From the Inside Flap:
“Kat and Tanka J are starting over. The New Frontier is nothing like war-stricken City Five – no battle scars, no memories of their parents. It’s a perfect society, where everyone lives in harmony. Or so they say.”
Cherry Heaven is a companion novel to The Diary of Pelly D. Being a companion novel and not a sequel I felt confident going in that it wouldn’t matter that I had not already read Pelly D. After reading the book, I’m not so sure. I think the author does a pretty good job creating the setting, but there were details that I didn’t understand. For instance references to gills popped up quite a bit. Gills were getting irritated, they were airing out, so on and so forth. Eventually-110 pages into the book- it’s finally explained that humans have evolved and now have gills. Maybe she felt we already knew that, or maybe it was just poor writing. All I know is that for 109 pages I was going, what the heck are up with the gills?
Don’t get me wrong, there was much to like in Cherry Heaven. Shitzer, the swearword employed by characters on many occasions, being one of the most enjoyable aspects of the story. It sounds rude and slightly German which is doubly appropriate seeing as Adlington books are clearly influenced by the Holocaust. The custom of adding a person’s initial to their name was also fun and coupled with the futuristic sounding names helped to emphasize that this was set in a time other than our own.

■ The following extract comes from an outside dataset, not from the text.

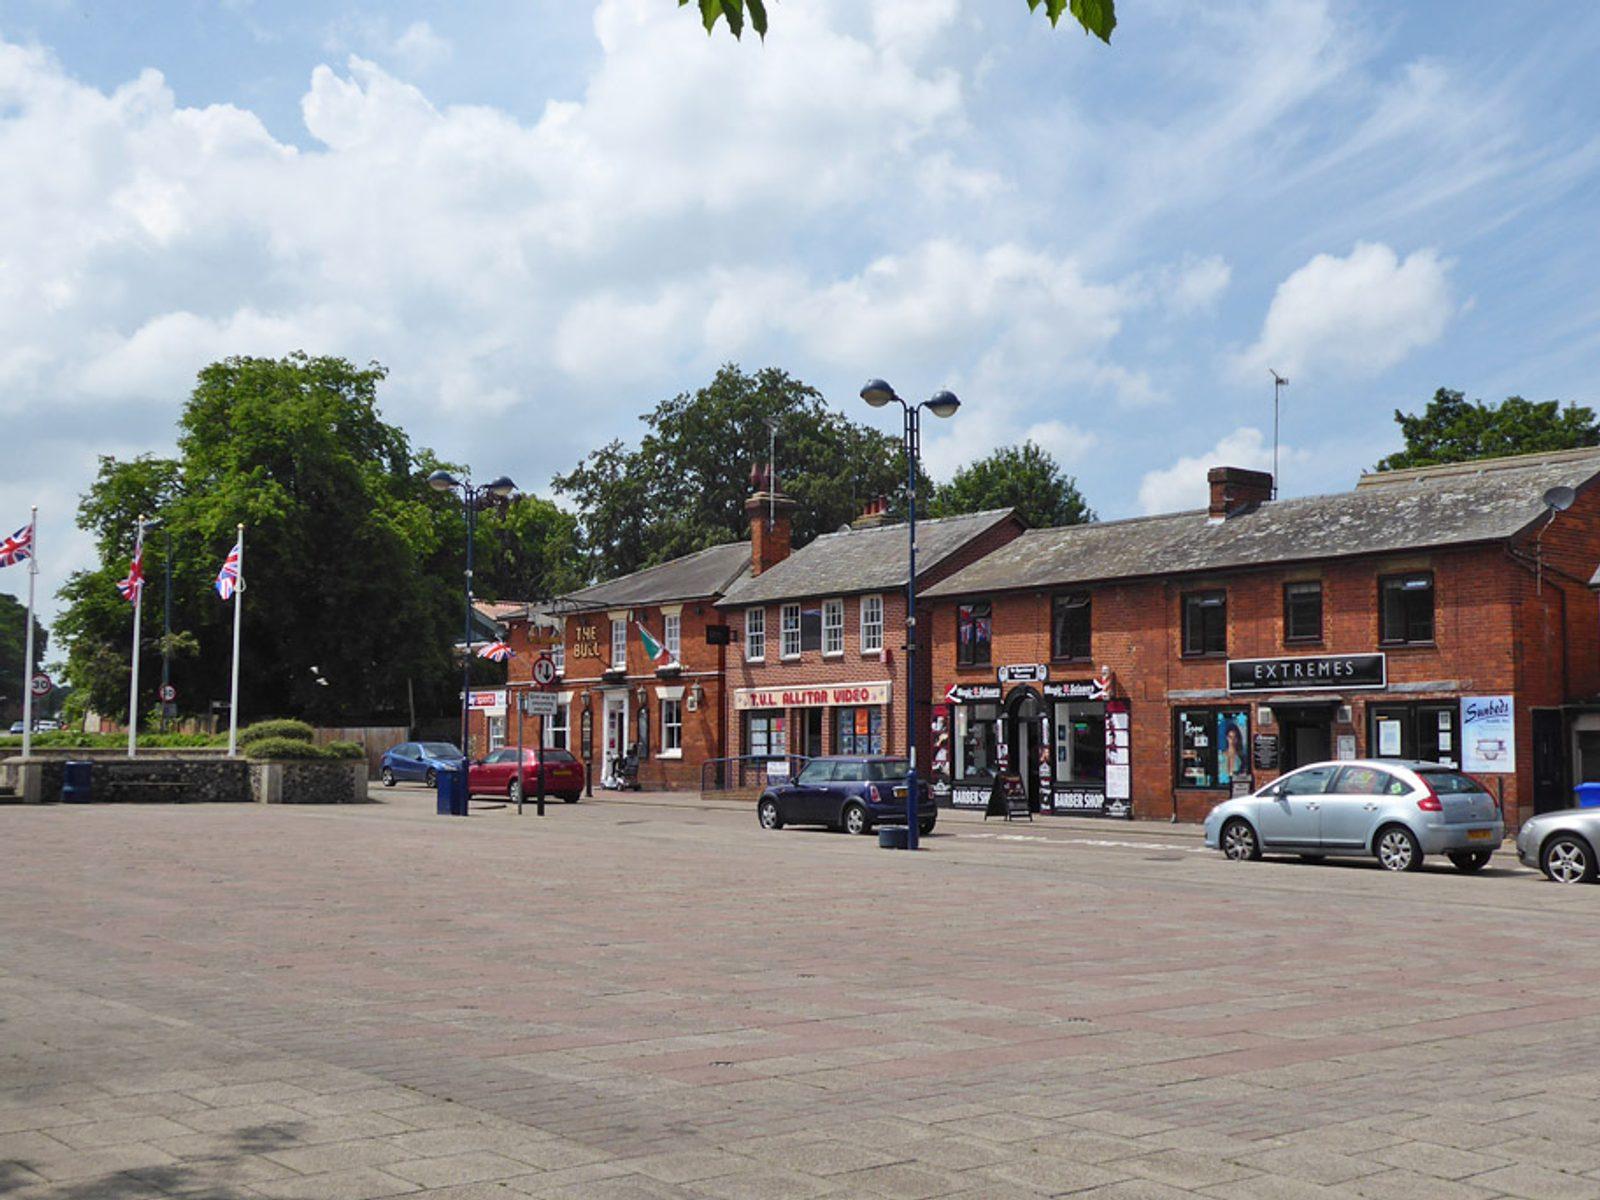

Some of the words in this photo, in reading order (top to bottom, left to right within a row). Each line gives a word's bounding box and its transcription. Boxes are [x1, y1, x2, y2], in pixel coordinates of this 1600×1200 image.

Chapters alternate between Kat and Tanka’s story and an escaped factory worker who is hellbent on revenge. The factory worker’s chapters drew me into the story much more than the other. They were twisted, suspenseful, and divulged more information and clues than the other narrative. Kat and Tanka, on the other hand, seem sort of bland. Kat, is the quiet, smart sister, Tanka the beautiful, rash, loudmouth (who also has a bad case of the racism, a bad case of the superficial, and a bad case of the not very well developed character syndrome). In fact, although we are told repeatedly that sisters stick together, I was often left wondering why. Tanka is blatantly racist against the Galrezi, the gene tribe held in lowest esteem. She blurts out racist statements early and often regardless of the fact that her murdered parents were Galrezi and she is rude and dismissive to her sister. Sure, Tanka does have a shining moment late in the book, but by that time I was so irritated with her it didn’t seem as believable as it could have. In comparison it made Kat seem like a doormat instead of one of our main heroines.
The storytelling is a bit heavy handed and the ending is somewhat pat. Loose ends and character’s fates all tied up nicely. Fans of the first book will be happy to see closure to Pelly Ds storyline. Your avid science fiction fans will want to read it, but I think there better novels out there to recommend.